(SOURCE INFORMATION)

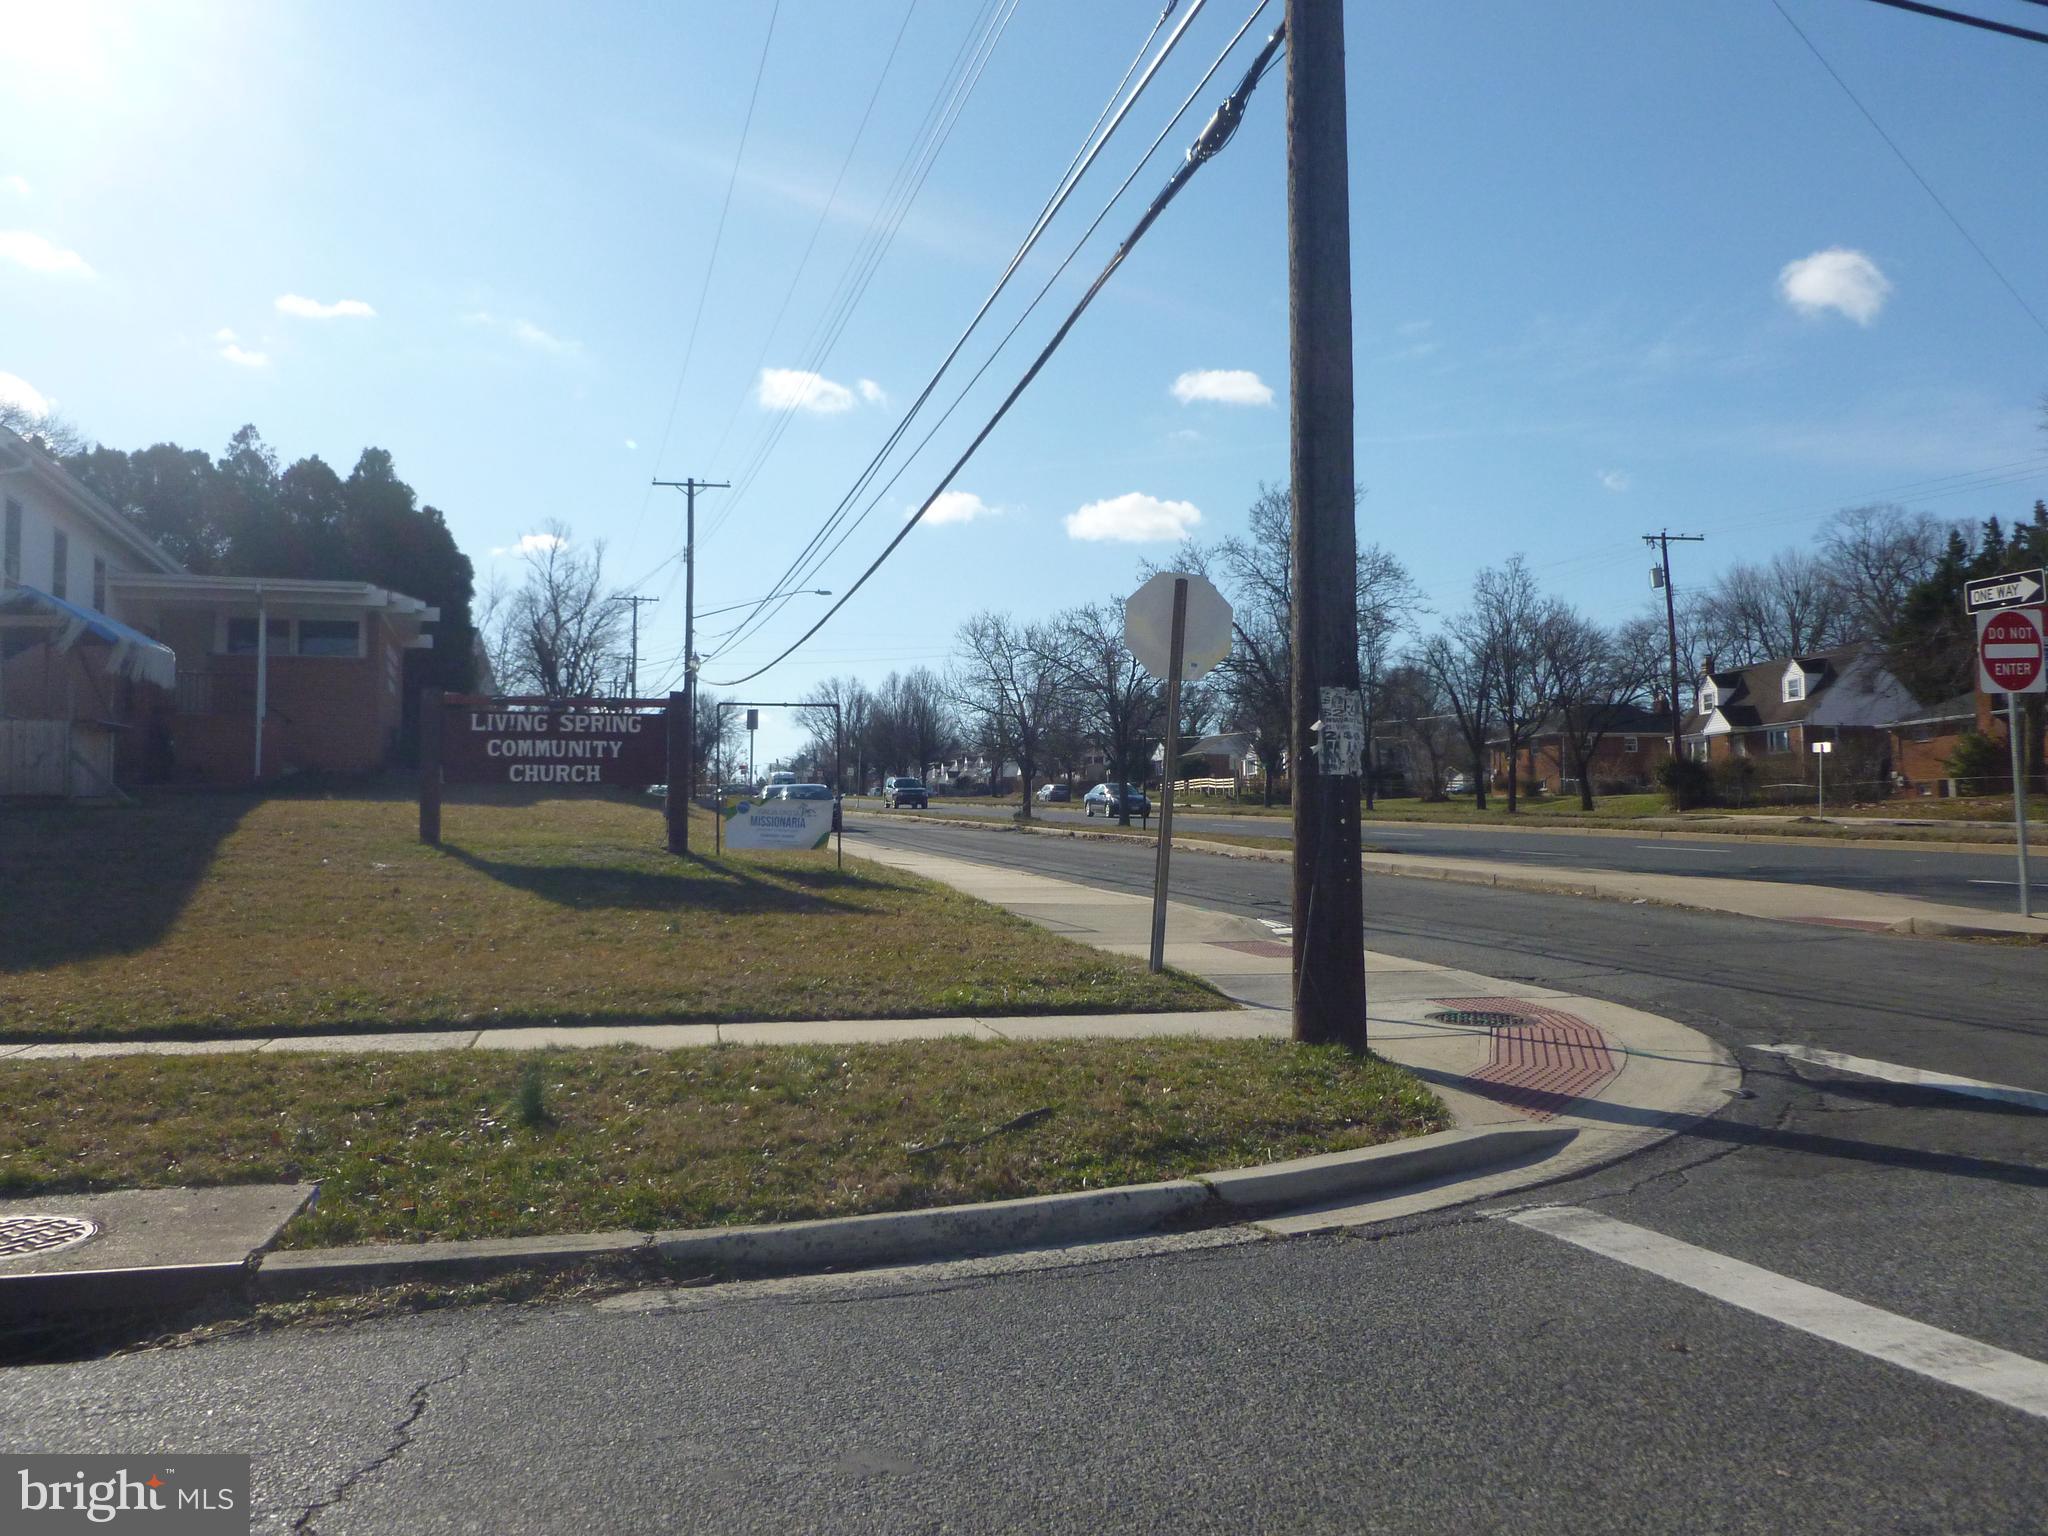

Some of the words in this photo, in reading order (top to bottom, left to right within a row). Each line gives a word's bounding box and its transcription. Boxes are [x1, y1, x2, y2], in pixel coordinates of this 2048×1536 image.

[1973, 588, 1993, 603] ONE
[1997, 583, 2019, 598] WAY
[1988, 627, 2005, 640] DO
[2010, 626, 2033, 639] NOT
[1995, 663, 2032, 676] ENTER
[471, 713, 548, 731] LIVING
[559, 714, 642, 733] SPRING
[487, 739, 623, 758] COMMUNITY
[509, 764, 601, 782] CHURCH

(End SOURCE INFORMATION)

* TASK GOAL: From the first line to the last, reproduce the records above exactly and skip the pictures.

* ANSWER BOX:
Some of the words in this photo, in reading order (top to bottom, left to right within a row). Each line gives a word's bounding box and its transcription. Boxes are [x1, y1, x2, y2], in pixel coordinates of this 2048×1536 image.

[1973, 588, 1993, 603] ONE
[1997, 583, 2019, 598] WAY
[1988, 627, 2005, 640] DO
[2010, 626, 2033, 639] NOT
[1995, 663, 2032, 676] ENTER
[471, 713, 548, 731] LIVING
[559, 714, 642, 733] SPRING
[487, 739, 623, 758] COMMUNITY
[509, 764, 601, 782] CHURCH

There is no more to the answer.